SCHLEI-BOTE

 

Gemeinde will Kindergarten mieten

11. Februar 2012 | 04:40 Uhr | Von ql

Der Wasserschaden im Keller und die Änderung der Verträge für ihr Gebäude bekümmern die Kinder der Kindertagesstätte Scheggerott nicht. Für sie ist der Bau eines Schneemanns wesentlich wichtiger - auch wenn der Schnee bei den tiefen Temperaturen nicht so gut haftet. Foto: Kuhl

Unübersichtliche Eigentums- und Pachtverhältnisse bewegen Scheggerotts Gemeinderat dazu, Klarheit zu schaffen

Scheggerott. Die Gemeinde Scheggerott will das vertragliche Verhältnis zum Kindergarten auf neue Beine stellen. Anlass für diese Überlegungen war ein Wasserschaden im Keller der zum Gebäudekomplex des Kindergartens gehörenden Wohnungen. Dabei stellte sich heraus, dass die dort lebenden Mieter keinen Ansprechpartner für einen derartigen Katastrophenfall hatten. Erst Bürgermeister Hartwig Callsen konnte das Problem durch den Einsatz der Feuerwehr lösen.

Grundeigentümer des Kindergartengeländes ist die Gemeinde Scheggerott. Die Gebäude gehören anteilig den Trägergemeinden Norderbrarup, Rügge, Saustrup, Scheggerott, Wagersrott und Oersberg.

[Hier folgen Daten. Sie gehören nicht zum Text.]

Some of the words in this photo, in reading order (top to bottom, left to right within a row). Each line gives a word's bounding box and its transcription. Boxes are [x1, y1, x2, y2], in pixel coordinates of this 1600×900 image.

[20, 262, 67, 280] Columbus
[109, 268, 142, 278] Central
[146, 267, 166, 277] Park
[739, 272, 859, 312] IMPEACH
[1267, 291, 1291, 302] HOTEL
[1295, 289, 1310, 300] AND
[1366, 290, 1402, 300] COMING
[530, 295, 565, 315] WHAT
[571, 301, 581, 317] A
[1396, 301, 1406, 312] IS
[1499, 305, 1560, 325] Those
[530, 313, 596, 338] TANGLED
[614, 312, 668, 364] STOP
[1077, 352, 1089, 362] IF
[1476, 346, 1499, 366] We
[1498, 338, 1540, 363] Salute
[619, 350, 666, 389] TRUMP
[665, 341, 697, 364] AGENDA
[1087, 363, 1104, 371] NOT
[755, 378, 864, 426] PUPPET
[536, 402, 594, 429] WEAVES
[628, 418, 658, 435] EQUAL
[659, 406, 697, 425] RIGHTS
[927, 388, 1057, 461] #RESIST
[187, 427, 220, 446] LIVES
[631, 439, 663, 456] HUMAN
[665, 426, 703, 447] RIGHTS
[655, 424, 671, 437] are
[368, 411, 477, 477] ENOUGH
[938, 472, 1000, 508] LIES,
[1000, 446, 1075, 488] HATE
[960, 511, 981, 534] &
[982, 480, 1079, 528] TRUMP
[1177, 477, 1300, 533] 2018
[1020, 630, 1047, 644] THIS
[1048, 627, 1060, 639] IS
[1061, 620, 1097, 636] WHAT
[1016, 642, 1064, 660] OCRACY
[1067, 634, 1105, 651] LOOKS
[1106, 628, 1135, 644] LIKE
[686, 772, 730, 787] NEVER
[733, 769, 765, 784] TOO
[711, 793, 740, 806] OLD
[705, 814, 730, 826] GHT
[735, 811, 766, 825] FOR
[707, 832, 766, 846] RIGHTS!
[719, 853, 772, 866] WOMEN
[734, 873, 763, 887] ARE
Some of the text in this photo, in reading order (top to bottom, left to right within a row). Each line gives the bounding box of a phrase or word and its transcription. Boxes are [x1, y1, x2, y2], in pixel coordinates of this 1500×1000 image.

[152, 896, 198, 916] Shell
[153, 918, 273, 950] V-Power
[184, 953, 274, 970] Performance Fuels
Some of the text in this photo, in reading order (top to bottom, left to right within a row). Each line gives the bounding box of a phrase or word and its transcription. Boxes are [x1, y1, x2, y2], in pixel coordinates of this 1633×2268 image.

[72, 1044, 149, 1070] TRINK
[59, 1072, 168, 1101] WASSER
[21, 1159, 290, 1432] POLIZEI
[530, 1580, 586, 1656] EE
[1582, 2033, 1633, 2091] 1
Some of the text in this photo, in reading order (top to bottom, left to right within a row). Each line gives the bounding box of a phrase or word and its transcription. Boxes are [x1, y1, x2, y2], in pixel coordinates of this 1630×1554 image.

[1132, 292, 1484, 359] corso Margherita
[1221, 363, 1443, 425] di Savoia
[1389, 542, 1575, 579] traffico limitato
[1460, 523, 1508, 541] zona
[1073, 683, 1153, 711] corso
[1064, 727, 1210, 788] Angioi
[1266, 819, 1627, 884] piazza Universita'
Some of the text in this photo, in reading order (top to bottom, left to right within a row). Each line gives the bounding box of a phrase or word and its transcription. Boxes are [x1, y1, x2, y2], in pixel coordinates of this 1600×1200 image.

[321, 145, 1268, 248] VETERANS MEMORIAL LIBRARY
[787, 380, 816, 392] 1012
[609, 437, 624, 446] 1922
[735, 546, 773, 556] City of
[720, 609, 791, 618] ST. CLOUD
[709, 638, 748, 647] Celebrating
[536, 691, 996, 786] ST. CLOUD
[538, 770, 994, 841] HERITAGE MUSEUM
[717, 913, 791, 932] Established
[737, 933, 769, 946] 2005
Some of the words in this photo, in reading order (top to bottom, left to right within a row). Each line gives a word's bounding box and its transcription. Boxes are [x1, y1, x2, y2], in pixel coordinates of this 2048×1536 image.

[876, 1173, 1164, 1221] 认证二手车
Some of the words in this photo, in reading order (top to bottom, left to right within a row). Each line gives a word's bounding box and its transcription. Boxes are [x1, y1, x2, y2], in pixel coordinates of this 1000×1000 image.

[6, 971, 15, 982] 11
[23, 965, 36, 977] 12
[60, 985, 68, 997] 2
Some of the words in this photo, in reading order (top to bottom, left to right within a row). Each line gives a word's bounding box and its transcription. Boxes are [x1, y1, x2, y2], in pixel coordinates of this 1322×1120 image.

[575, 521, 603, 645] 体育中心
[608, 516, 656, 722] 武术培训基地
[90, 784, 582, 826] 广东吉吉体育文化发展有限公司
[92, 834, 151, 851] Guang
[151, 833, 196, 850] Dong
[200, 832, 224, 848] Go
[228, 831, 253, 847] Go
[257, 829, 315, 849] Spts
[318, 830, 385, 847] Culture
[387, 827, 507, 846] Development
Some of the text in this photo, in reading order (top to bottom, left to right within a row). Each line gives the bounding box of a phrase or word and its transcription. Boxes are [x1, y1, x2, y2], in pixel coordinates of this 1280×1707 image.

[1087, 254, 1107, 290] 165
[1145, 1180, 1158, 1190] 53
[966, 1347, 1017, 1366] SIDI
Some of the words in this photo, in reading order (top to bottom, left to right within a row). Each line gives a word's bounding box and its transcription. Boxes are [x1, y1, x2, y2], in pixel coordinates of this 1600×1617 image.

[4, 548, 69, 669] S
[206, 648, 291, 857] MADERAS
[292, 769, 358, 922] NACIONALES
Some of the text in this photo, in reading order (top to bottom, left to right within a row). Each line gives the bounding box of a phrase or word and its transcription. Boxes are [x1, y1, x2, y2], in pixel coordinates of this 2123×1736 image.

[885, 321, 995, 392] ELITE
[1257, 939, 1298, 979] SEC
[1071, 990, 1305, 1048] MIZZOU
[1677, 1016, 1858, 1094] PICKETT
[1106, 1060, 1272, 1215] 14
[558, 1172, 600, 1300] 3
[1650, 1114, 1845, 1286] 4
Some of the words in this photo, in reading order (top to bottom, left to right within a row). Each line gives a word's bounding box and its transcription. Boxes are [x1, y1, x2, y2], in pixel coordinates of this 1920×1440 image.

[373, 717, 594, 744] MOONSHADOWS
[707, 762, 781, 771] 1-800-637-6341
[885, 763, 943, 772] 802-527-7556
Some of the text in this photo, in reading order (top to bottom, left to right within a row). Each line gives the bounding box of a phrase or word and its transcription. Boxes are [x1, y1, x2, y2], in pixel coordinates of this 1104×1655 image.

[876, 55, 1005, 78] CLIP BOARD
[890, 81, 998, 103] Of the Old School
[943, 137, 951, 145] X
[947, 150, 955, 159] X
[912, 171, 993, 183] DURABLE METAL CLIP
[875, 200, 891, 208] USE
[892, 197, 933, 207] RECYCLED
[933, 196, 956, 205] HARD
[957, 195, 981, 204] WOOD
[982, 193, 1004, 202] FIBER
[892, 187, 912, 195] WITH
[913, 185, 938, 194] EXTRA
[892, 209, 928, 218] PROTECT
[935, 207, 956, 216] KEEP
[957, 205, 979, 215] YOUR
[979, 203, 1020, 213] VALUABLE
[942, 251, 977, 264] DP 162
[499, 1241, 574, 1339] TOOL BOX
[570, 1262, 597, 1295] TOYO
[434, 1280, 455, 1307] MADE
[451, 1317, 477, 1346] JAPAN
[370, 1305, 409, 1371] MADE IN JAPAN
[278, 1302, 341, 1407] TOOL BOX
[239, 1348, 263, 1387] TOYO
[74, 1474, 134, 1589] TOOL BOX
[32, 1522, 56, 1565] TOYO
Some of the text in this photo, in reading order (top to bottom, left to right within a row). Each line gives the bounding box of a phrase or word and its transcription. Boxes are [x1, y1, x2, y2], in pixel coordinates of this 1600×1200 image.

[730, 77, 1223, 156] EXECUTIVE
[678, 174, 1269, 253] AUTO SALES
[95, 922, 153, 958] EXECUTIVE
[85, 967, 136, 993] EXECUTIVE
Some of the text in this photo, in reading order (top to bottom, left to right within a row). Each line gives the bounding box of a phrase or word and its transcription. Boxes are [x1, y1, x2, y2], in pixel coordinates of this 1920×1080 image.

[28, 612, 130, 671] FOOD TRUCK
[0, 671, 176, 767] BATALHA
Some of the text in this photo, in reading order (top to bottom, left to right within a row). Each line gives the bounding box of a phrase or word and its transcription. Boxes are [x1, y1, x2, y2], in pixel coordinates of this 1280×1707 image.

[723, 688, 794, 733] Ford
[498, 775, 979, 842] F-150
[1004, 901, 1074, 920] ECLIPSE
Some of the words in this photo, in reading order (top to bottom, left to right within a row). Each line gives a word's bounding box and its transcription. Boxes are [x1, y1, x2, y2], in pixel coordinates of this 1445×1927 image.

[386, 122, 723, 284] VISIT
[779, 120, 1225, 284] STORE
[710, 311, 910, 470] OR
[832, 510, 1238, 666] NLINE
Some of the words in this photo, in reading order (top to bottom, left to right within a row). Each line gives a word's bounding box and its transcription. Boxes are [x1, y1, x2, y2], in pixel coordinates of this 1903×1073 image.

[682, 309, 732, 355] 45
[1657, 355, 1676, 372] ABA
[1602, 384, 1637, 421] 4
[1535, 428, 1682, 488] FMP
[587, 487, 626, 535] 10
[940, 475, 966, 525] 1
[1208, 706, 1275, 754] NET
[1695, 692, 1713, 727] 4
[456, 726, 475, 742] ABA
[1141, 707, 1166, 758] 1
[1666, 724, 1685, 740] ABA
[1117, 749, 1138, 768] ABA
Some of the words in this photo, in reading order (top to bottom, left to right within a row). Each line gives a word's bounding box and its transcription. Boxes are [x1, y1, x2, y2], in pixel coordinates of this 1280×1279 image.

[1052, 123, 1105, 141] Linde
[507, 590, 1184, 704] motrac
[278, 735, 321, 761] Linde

Der gesamte Komplex inklusive der Mietwohnungen ist auf Erbpachtbasis der Kirchengemeinde Norderbrarup zur Nutzung überlassen. Diese hat den Vertrag an das Kindertages stättenwerk des Kirchenkreises übertragen - das in seiner Aufgabenstellung "normale" Mieter aber nicht vorsieht. Da der Erbpachtvertrag im nächsten Jahr ausläuft, will die Gemeinde Scheggerott diesen in einen normalen Mietvertrag umwandeln und dann mit den Mietern separate Verträge abschließen. Man geht davon aus, dass man beim Kindertagesstättenwerk und bei den beteiligten Trägergemeinden mit diesem Vorschlag offene Türen einrennt.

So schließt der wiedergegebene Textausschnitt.